Ascension with faith and confidence
From here, we reach another feature of growth stocks:
Growth stocks are actually growing with faith and confidence. This belief and confidence does not deteriorate unless the expected growth and stock rise performance deteriorates for a long time. As a result, we can see more valuable market values in these stocks than Koç Holding. Most growth stocks have high valuation ratios, such as price/earnings. Because here the focus is not on how many times the price of the profit is. How much the company will grow… This also paves the way for a rapid rise in share prices with the same belief and trust mechanism. Tesla is an example of one of the most striking global growth stocks.

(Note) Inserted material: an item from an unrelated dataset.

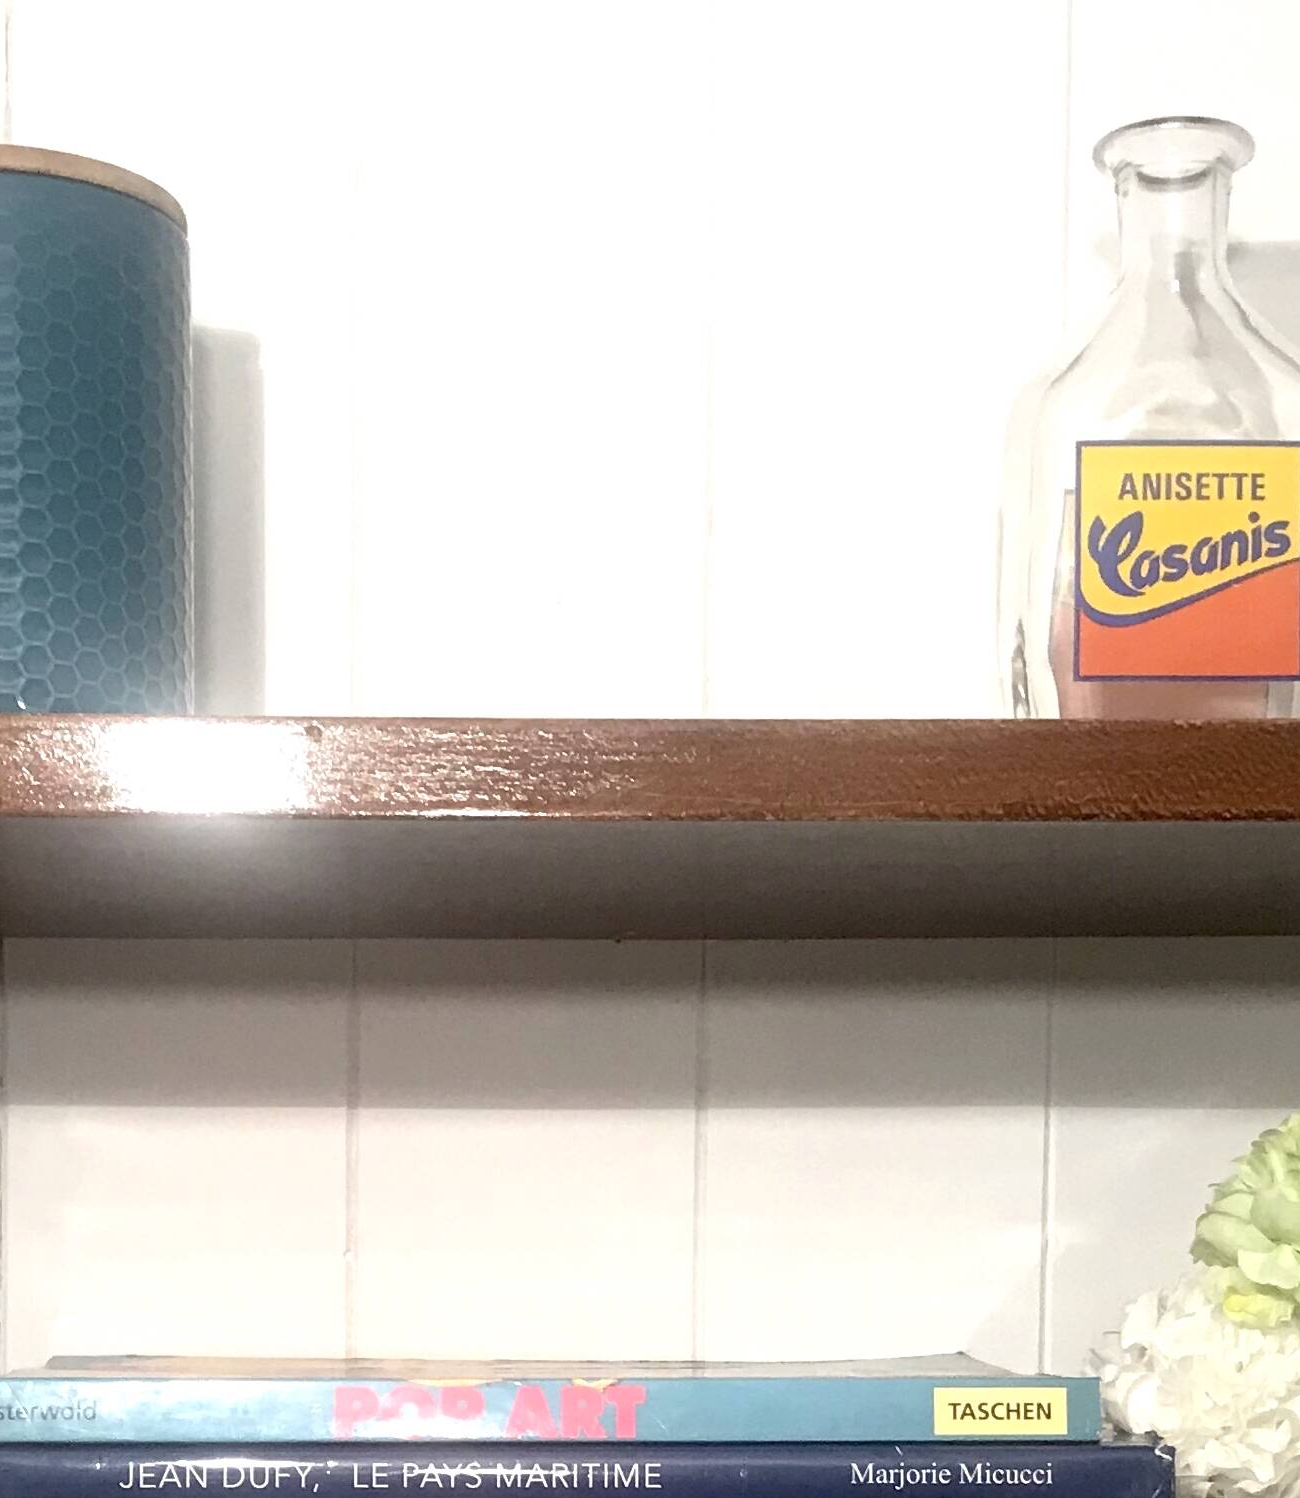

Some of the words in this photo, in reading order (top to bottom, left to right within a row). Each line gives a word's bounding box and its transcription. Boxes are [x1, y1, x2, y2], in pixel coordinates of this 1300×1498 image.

With a price/earnings ratio of 1444 in 2020, Tesla’s P/E was 36 times the S&P 500 and NASDAQ average P/E. Tesla P/E fell to 107.94 after the fall in global share prices due to the Fed effect. However, it still has an P/E of 18 times the S&P 500 average. Shares such as Netflix, Apple, Amazon, Block, Paypal, Square are examples of other global growth stocks. On the other hand, this feature (rising with faith and confidence) is actually a handicap for such stock investors. Because the deterioration of trust, failure to reach the expected performance for a long time, this stocks It can also cause the chain to run completely in reverse. For this reason, it is also accepted that there are riskier stocks with the philosophy that growth stocks will suffer more if they fall from high.
Characteristics of growth stocks
So what are growth stocks and what are their features? In fact, in the jargon of global financial markets, we see companies operating in new and fast-growing markets with common features of growth stocks, thus making a journey towards leadership both by benefiting from the growth rate of these sectors and with a faster growth performance than the sector in which they operate. However, exemplary growth stocks in Turkey are mostly operating in some traditional sectors. Of course, we are not seeing some recently emerged examples that fit the first definition. For example, renewable energy, micro mobility, electric vehicles, new energy storage technologies, companies with investments in genetic research can be given as examples. But we will examine these companies in our analyzes in the coming weeks. Since our topic this week is the analysis of the last 10 years, these companies could not find a place for themselves in this analysis.